Des organisations pro-IVG dénoncent la censure en ligne de Meta
Comptes bloqués, publications masquées, référencement dégradé: depuis l'élection de Donald Trump, plusieurs organisations américaines d'information sur la pilule abortive dénoncent une censure en ligne grandissante sur les réseaux sociaux, qui entrave leur mission à destination des femmes.
Ces organisations de défense des droits reproductifs et sexuels accusent Meta d'invisibiliser leur activité sur ses réseaux sociaux Instagram et Facebook, alors que son patron Mark Zuckerberg se pose en défenseur de la liberté d'expression.
Meta a confirmé à l'AFP que plusieurs organisations, parmi lesquelles Aid Access, Women Help Women et Plan C, ont connu des problèmes d'une importance variable avec leur contenu.
"Ces groupes ont rencontré à la fois une modération normale et une série de dysfonctionnements, dont une modération excessive et un bug technique", reconnaît un porte-parole de Meta, en citant, en exemple de modération conforme, l'interdiction de vente de médicaments sans certification appropriée.
"Nous avons été très clairs ces dernières semaines sur le fait que nous voulions favoriser la liberté d'expression et limiter les erreurs de modération - et nous sommes déterminés à le faire", insiste-t-il.
Néanmoins les comptes en question n'ont été rétablis qu'après que l'AFP et d'autres médias ont contacté Meta à ce sujet, si bien que les organisations concernées attribuent ce revirement à la pression médiatique.
- Administration anti-IVG -
Certains voient dans le rapprochement récent entre Donald Trump et Mark Zuckerberg - le second a assisté en bonne place à l'investiture du premier - le signe d'un possible alignement sur les positions anti-avortement du nouveau gouvernement Trump.
Dès ses premiers jours au pouvoir, le républicain a suspendu l'accès à un site gouvernemental d'information sur les droits sexuels et reproductifs, et révoqué des décrets signés par son prédécesseur démocrate Joe Biden, qui sécurisaient notamment l'accès à la pilule abortive et les données personnelles des femmes ayant recours à l'IVG. Des financements américains à destination d'organisations étrangères ont également été coupés.
"Meta dit vouloir revenir aux racines de la liberté d'expression, mais pour l'instant, il est difficile de dire exactement qui va pouvoir exercer pleinement ce droit", s'interroge auprès de l'AFP Jane Eklund, autrice d'un rapport d'Amnesty International sur la censure autour de l'avortement.
"Il faut attendre de voir comment" les magnats de la tech "vont essayer d'être dans les petits papiers de la nouvelle administration.

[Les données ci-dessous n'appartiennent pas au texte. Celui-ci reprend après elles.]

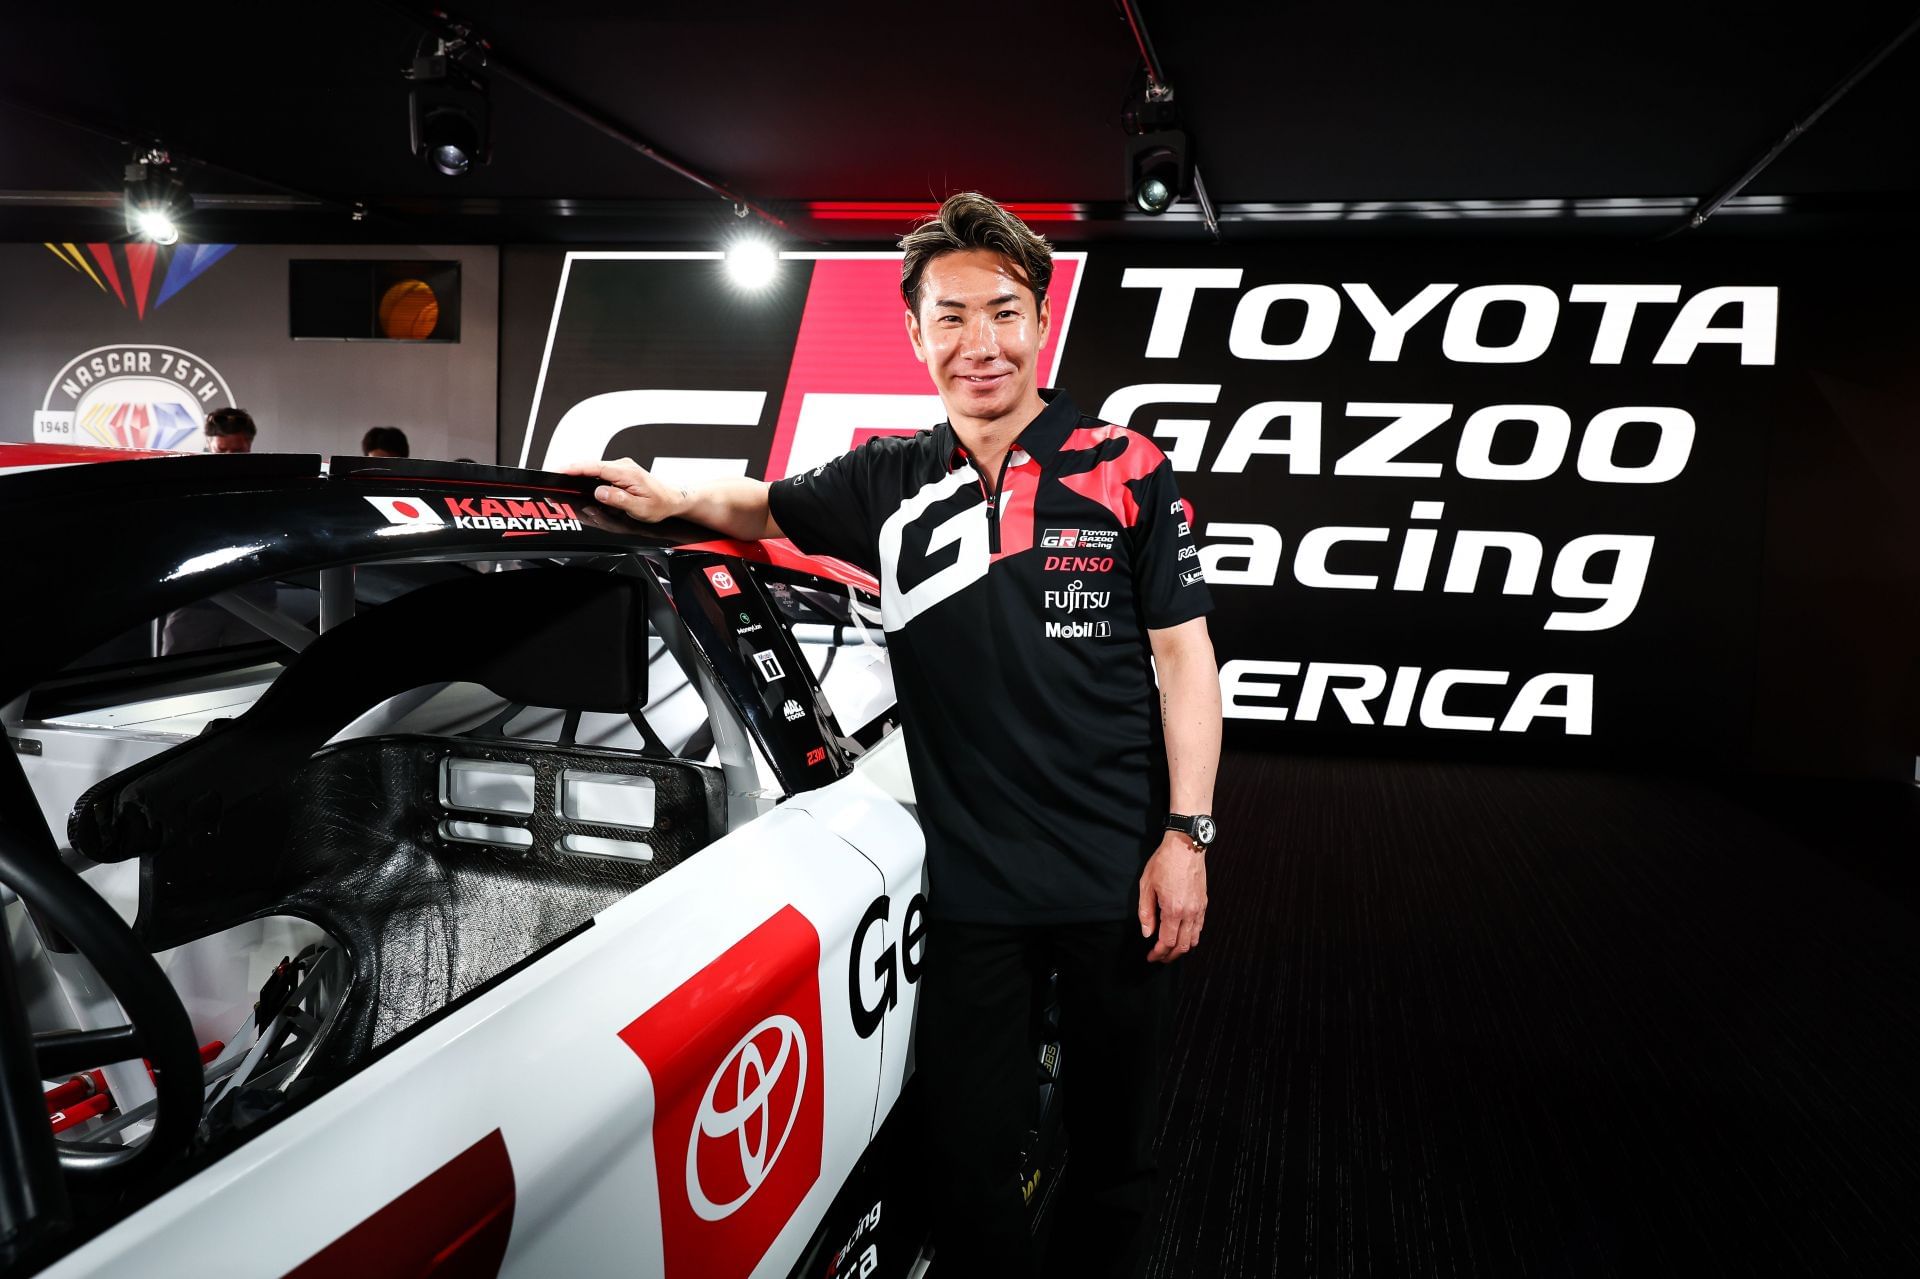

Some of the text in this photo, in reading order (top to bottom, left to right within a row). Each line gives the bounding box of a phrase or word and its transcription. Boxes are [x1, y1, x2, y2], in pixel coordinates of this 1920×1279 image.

C'est un sujet de préoccupation", ajoute-t-elle.
"C'est début janvier qu'on a remarqué pour la première fois" des pages bloquées sur Instagram et Facebook, raconte à l'AFP la médecin néerlandaise Rebecca Gomperts, fondatrice d'Aid Access, qui propose des pilules abortives sur internet - enjeu crucial pour les Etats-Unis où près de la moitié des Etats ont interdit ou limité le recours à l'avortement depuis l'annulation de la garantie fédérale par une décision historique de la Cour suprême en 2022.
- Expressions codées -
Elles ont ensuite été restaurées, mais certaines publications sont restées masquées, précise-t-elle.
Les femmes "doivent recevoir l'aide dont elles ont besoin, un point c'est tout", martèle Rebecca Gomperts.
Women Help Women a elle vu son compte Instagram bloqué en décembre, comme le compte publicitaire Meta de Plan C, organisation américaine qui informe sur l'utilisation à domicile de la pilule abortive.
"Sans préavis, sous prétexte qu'il ne respectait pas les normes communautaires", explique une des responsables de Women Help Women, Lucia Berro Pizzarossa.
"Ce compte permet d'apporter à des milliers de personnes des informations scientifiques et des messages combattant la stigmatisation autour de l'avortement. Les moteurs de recherche ont relégué plus bas notre site internet et un mécanisme nous a invisibilisés sur les réseaux sociaux, compliquant l'accès en temps utile à des ressources fiables", se désole-t-elle auprès de l'AFP, inquiète pour l'avenir.
Pour cette fois, les comptes un temps suspendus ont été réactivés.
Les défenseurs de l'accès à l'avortement craignent ainsi que cette invisibilisation en ligne ne perpétue la stigmatisation des personnes souhaitant se renseigner sur l'IVG, qui doivent parfois recourir à des expressions codées ou des mots à l'orthographe truquée pour contourner les mesures de modération automatisées sur les plateformes.